4. Access to the Founder’s Attention
Early customers who know what they’re doing are buying something most vendors can’t offer: direct access to the people building the thing. When something breaks at 11pm, the founder answers. When a feature request is business-critical, it goes into the next sprint. When they need to understand the roadmap, they get a real conversation, not a canned slide.
This is a genuine, time-limited advantage and founders who fail to articulate it are leaving value on the table. The first full-price customer can be dangerous for other reasons, but the access dynamic cuts both ways: you learn what they actually need, and they get leverage over a product that can still be shaped.
Be honest about this. Tell early buyers: you’re not buying a finished system with an SLA, you’re buying a partnership where your pain shapes the roadmap. Some buyers don’t want that. The ones who do are often your best early customers.
5. Social Proof in Advance
This one sounds circular, but it isn’t. Early buyers in a category are often motivated by being seen as early buyers. The logo on your deck. The case study you’ll write together. The conference talk where they describe the problem they were trying to solve and how they found you.

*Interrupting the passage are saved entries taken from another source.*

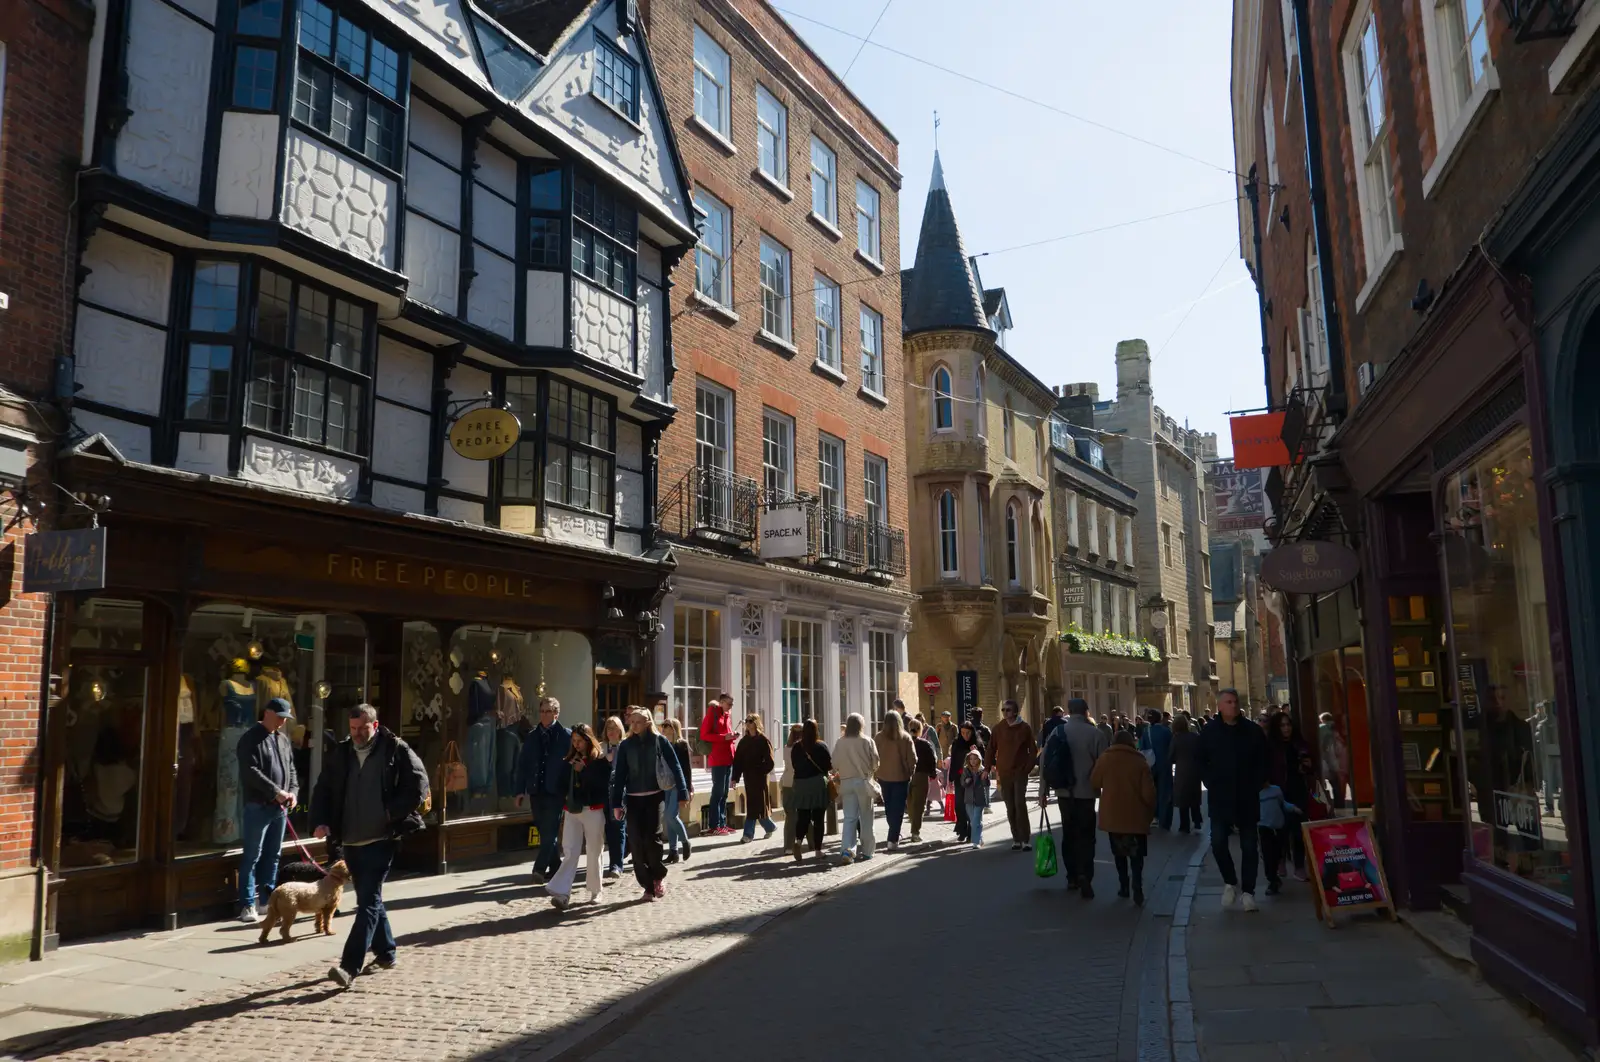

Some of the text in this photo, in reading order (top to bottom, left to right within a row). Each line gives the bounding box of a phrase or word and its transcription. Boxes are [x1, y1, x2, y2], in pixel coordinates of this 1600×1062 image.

[467, 421, 501, 432] FREE
[456, 434, 510, 447] PEOPLE
[327, 553, 533, 598] FREE PEOPLE
[1063, 586, 1084, 594] WHITE
[1064, 595, 1084, 603] STUFF
[1517, 803, 1534, 831] OFF
[1334, 854, 1366, 863] EVERYTHING
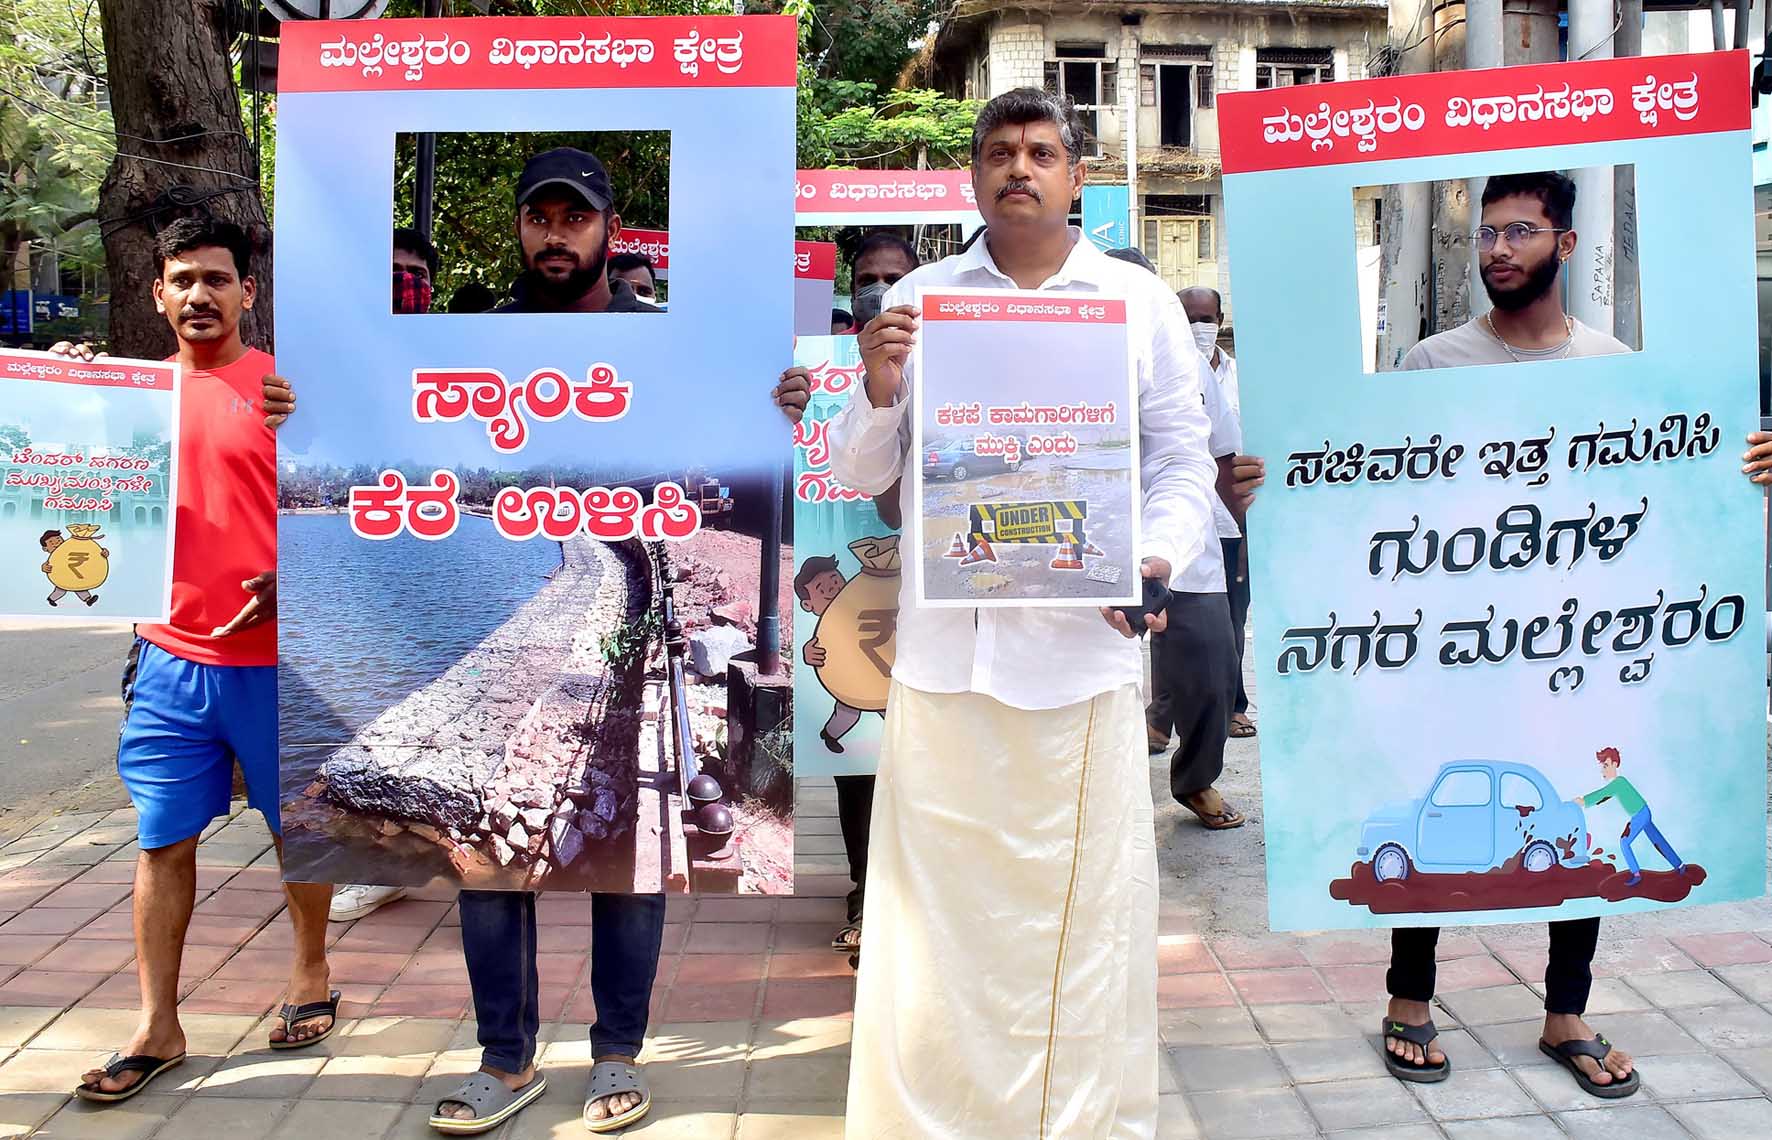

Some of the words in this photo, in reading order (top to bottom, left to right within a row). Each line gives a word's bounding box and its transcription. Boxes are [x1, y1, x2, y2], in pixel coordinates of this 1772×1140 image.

[320, 33, 471, 82] ಮಲ್ಲೇಶ್ವರಂ
[488, 31, 655, 70] ವಿಧಾನಸಭಾ
[673, 26, 744, 78] ಕ್ಷೇತ್ರ
[1262, 95, 1425, 153] ಮಲ್ಲೇಶ್ವರಂ
[1445, 82, 1614, 131] ವಿಧಾನಸಭಾ
[1631, 72, 1700, 127] ಕ್ಷೇತ್ರ
[829, 180, 947, 202] ವಿಧಾನಸಭಾ
[939, 302, 1000, 319] ಮಲ್ಲೇಶ್ವರಂ
[1006, 303, 1072, 315] ವಿಧಾನಸಭಾ
[1078, 304, 1105, 320] ಕ್ಷೇತ್ರ
[7, 362, 62, 378] ಮಲ್ಲೇಶ್ವರಂ
[68, 368, 126, 381] ವಿಧಾನಸಭಾ
[131, 371, 156, 385] ಕ್ಷೇತ್ರ
[415, 366, 630, 450] ಸ್ಯಾಂಕಿ
[937, 404, 980, 424] ಕಳಪೆ
[989, 403, 1115, 424] ಕಾಮಗಾರಿಗಳಿಗೆ
[12, 448, 84, 466] ಟೆಂಡರ್
[88, 456, 150, 471] ಹಗರಣ
[975, 434, 1020, 461] ಮುಕ್ತಿ
[1286, 434, 1465, 487] ಸಚಿವರೇ
[1478, 426, 1555, 487] ಇತ್ತ
[1568, 412, 1721, 473] ಗಮನಿಸಿ
[44, 495, 113, 511] ಗಮನಿಸಿ
[352, 473, 457, 537] ಕೆರೆ
[497, 486, 698, 538] ಉಳಿಸಿ
[1000, 506, 1049, 527] UNDER
[1000, 525, 1051, 537] CONSTRUCTION
[1368, 496, 1648, 583] ಗುಂಡಿಗಳ
[1276, 608, 1424, 677] ನಗರ
[1438, 584, 1746, 694] ಮಲ್ಲೇಶ್ವರಂ

This is most pronounced in B2B, where being publicly associated with a new category can be a competitive signal. Being the first major retailer to adopt a new fulfillment approach, or the first law firm to use a new contract analysis tool, is a positioning move for them, not just for you.
You can sell this explicitly. Not by promising coverage you can’t deliver, but by offering to build the story together and giving them editorial control over how it’s told. That’s a real thing of value, and it costs you almost nothing to offer.
6. A Shortcut Through Their Own Confusion
Many buyers, especially in emerging categories, don’t fully understand their own problem yet. They know something is broken. They’ve tried some things. They have a vague sense that there’s a better way. What they’re missing is a framework for thinking about the problem clearly.
If you’ve done the work, you have that framework. You’ve talked to dozens of people in their situation. You’ve mapped the failure modes. You know the vocabulary that makes the problem legible. Walking a buyer through that framework, even before your product exists, is valuable. It organizes their thinking in a way that makes them more effective at their job right now.
The first-mover myth aside, there is one thing first movers get to do that followers don’t: define the terms. If you’re early enough in a category, you get to name the problem and frame what solving it looks like. That framing becomes the thing buyers use to evaluate everyone, including you.
The founders who understand all of this share one habit: they stop thinking about the pre-product period as a waiting room and start treating it as a selling environment with its own rules. The product is coming. In the meantime, there’s real work to do.